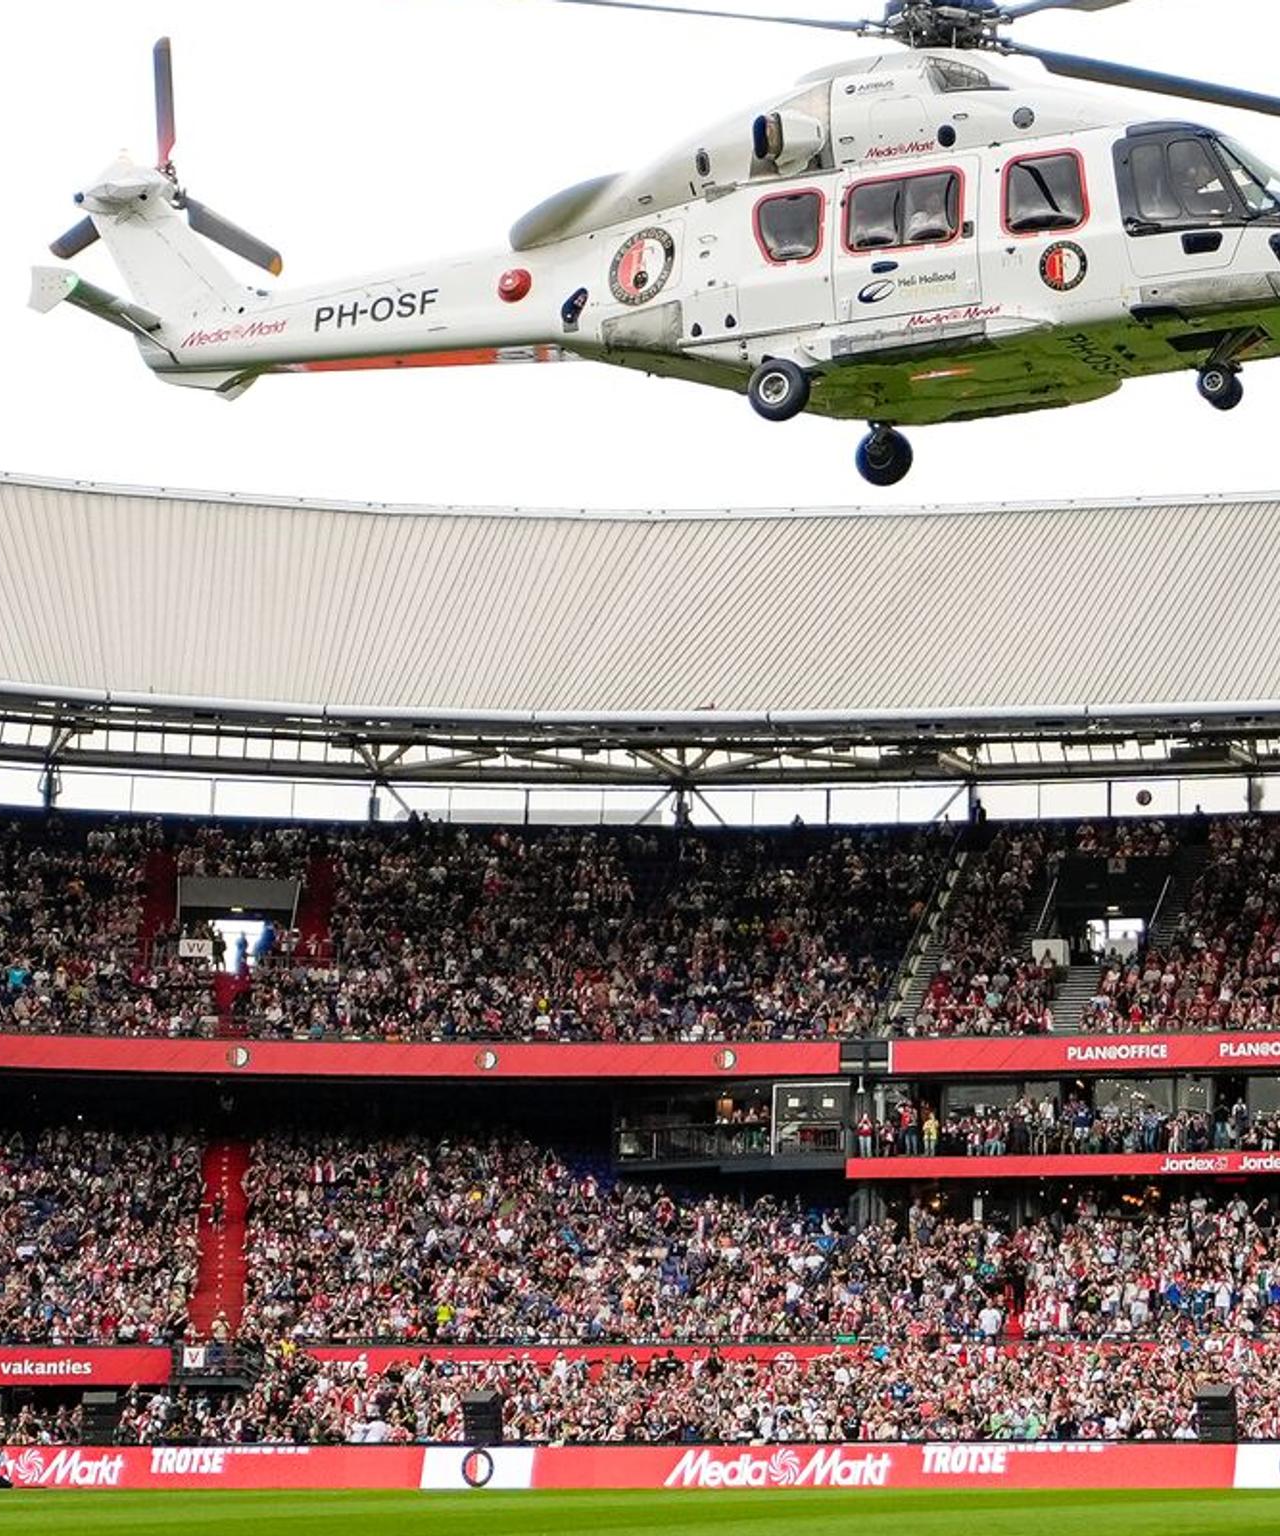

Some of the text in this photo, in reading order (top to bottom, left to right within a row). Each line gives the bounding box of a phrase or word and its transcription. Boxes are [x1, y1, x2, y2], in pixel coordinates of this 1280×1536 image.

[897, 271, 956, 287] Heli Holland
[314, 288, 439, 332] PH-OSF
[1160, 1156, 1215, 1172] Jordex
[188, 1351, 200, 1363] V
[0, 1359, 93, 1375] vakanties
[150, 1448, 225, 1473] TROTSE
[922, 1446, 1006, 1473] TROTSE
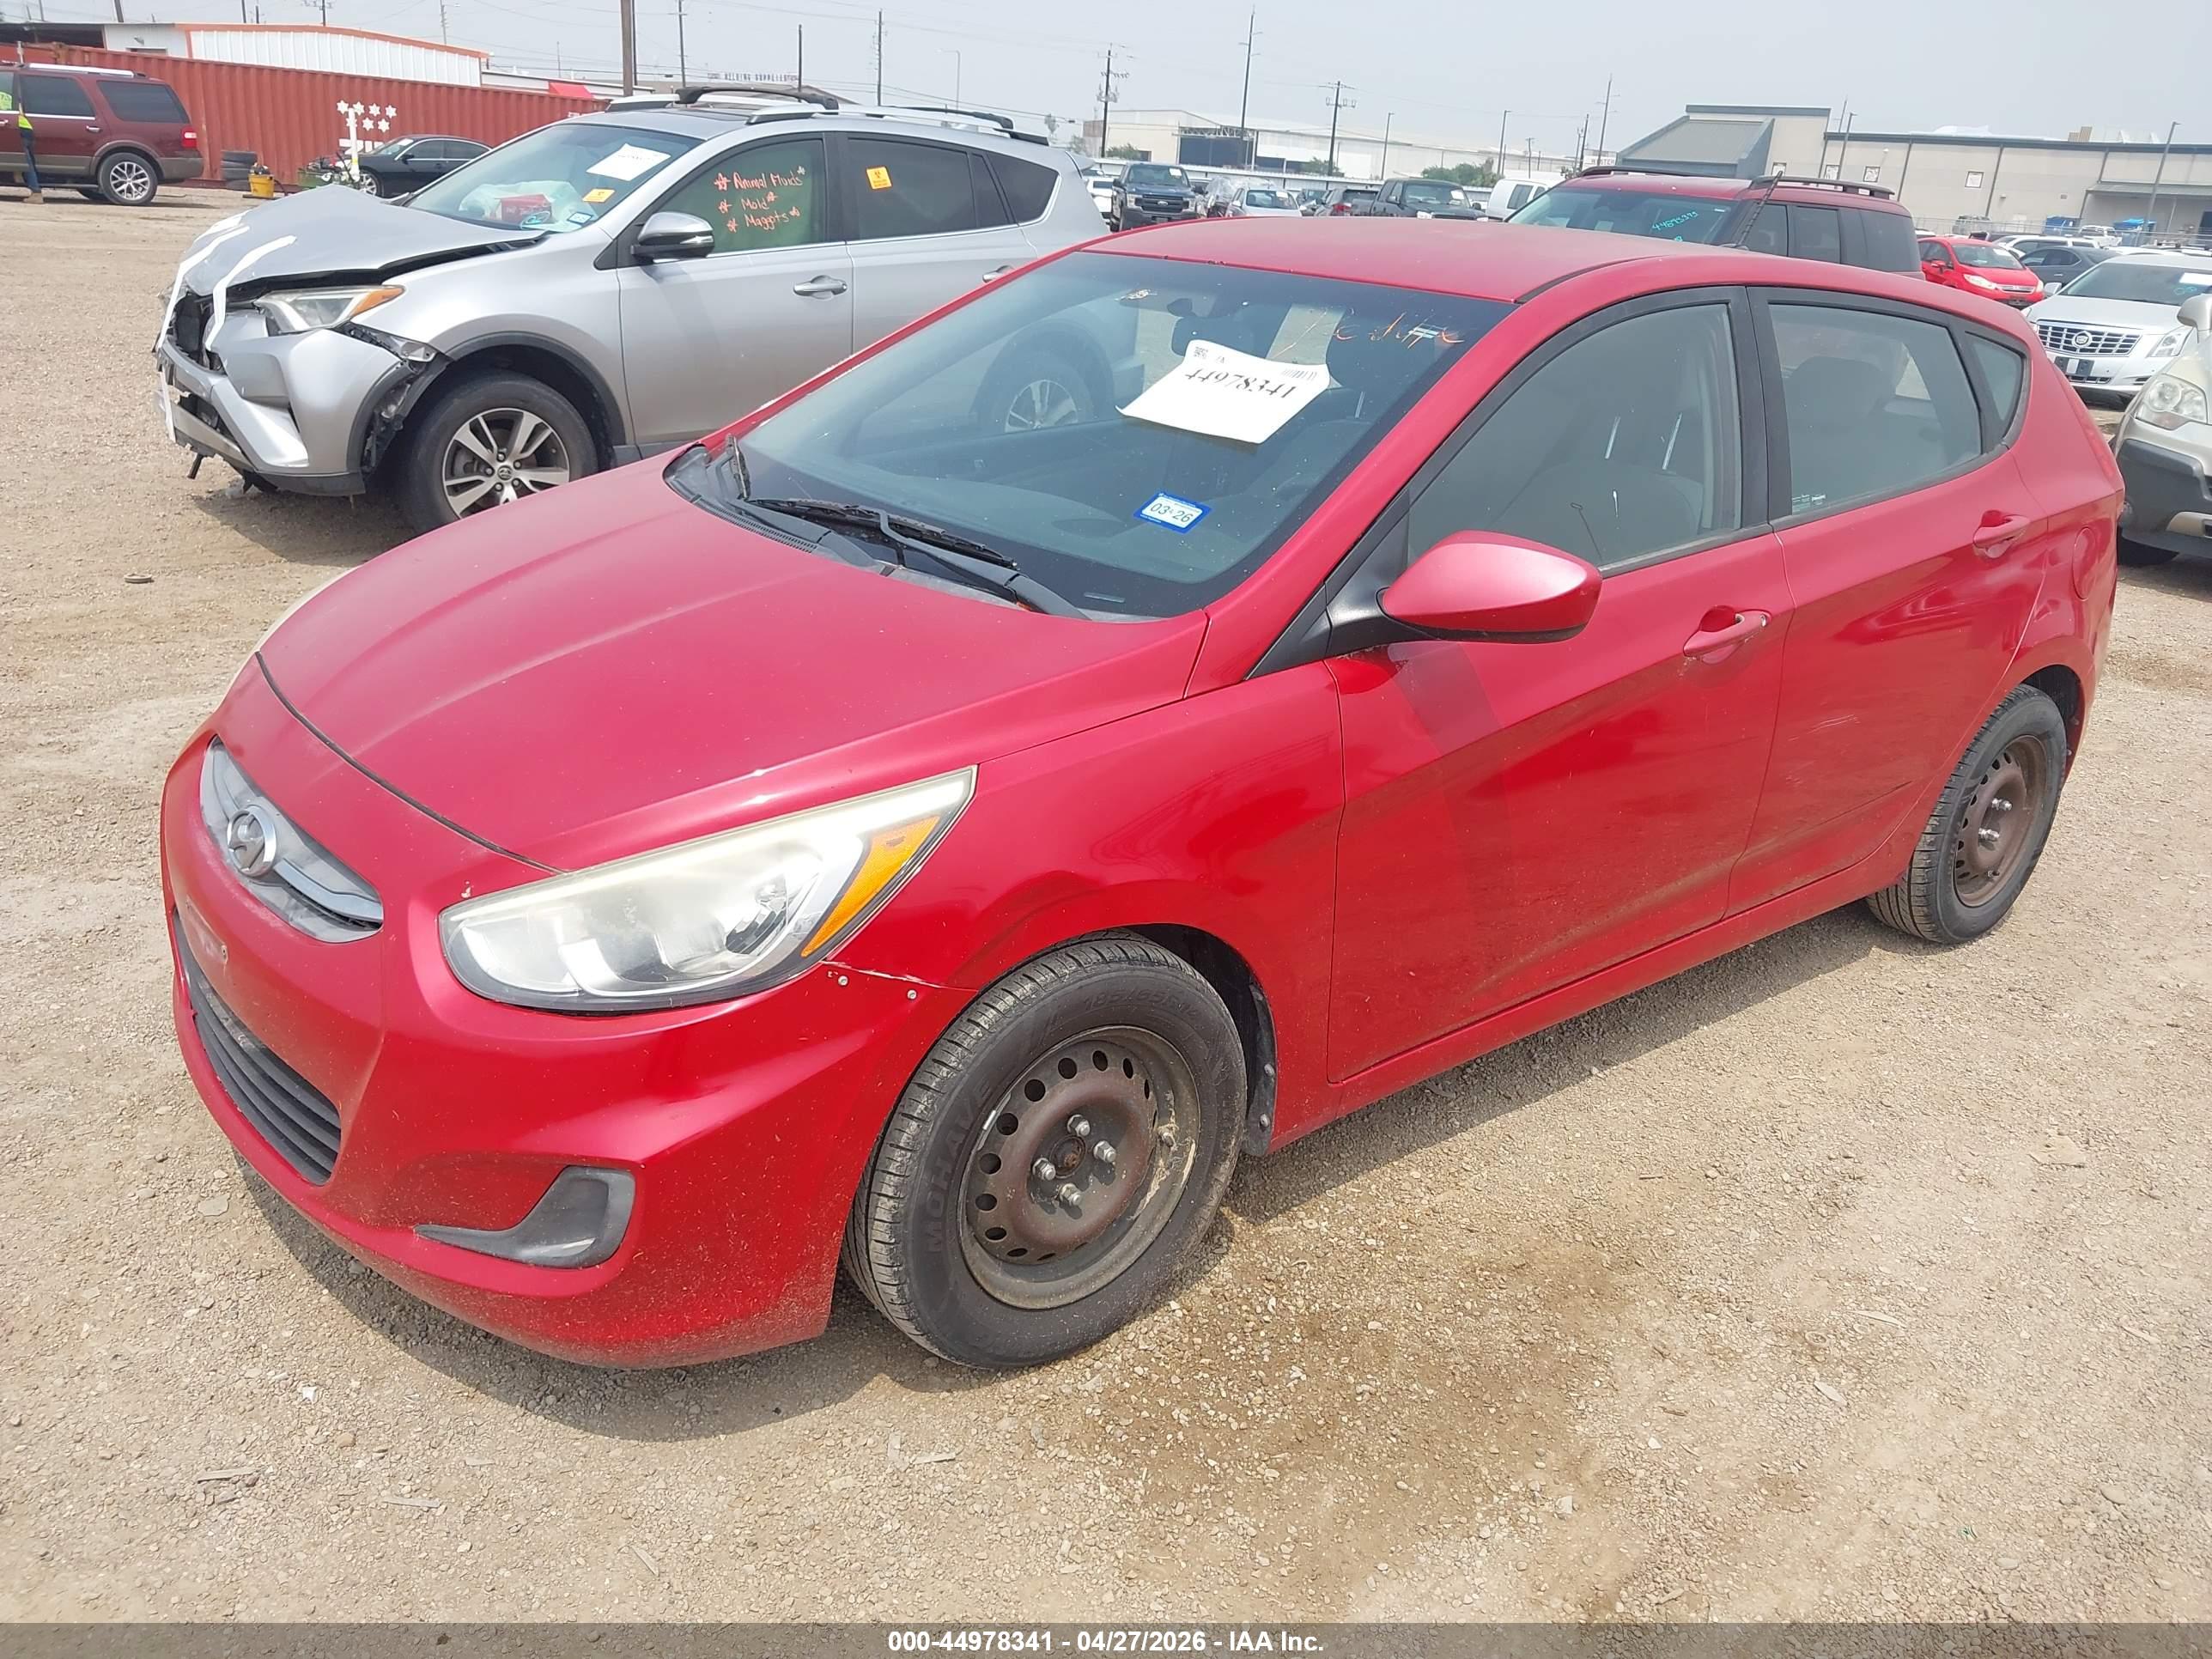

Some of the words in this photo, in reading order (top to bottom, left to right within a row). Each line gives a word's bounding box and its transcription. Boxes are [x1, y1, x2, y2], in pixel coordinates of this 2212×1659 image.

What you will do
Copy out all the entries exactly. Images stay out of the copy.

Written solution
Some of the text in this photo, in reading order (top to bottom, left to right within a row). Each line gives the bounding box of a phrase or word and its transcription. Boxes are [x1, y1, x2, y2], in pixel coordinates of this 1280×1536 image.

[897, 271, 956, 287] Heli Holland
[314, 288, 439, 332] PH-OSF
[1160, 1156, 1215, 1172] Jordex
[188, 1351, 200, 1363] V
[0, 1359, 93, 1375] vakanties
[150, 1448, 225, 1473] TROTSE
[922, 1446, 1006, 1473] TROTSE

Some of the words in this photo, in reading order (top to bottom, left to right within a row). Each line gives a word's bounding box and its transcription. Boxes are [x1, y1, x2, y2], in pixel coordinates of this 2212×1659 image.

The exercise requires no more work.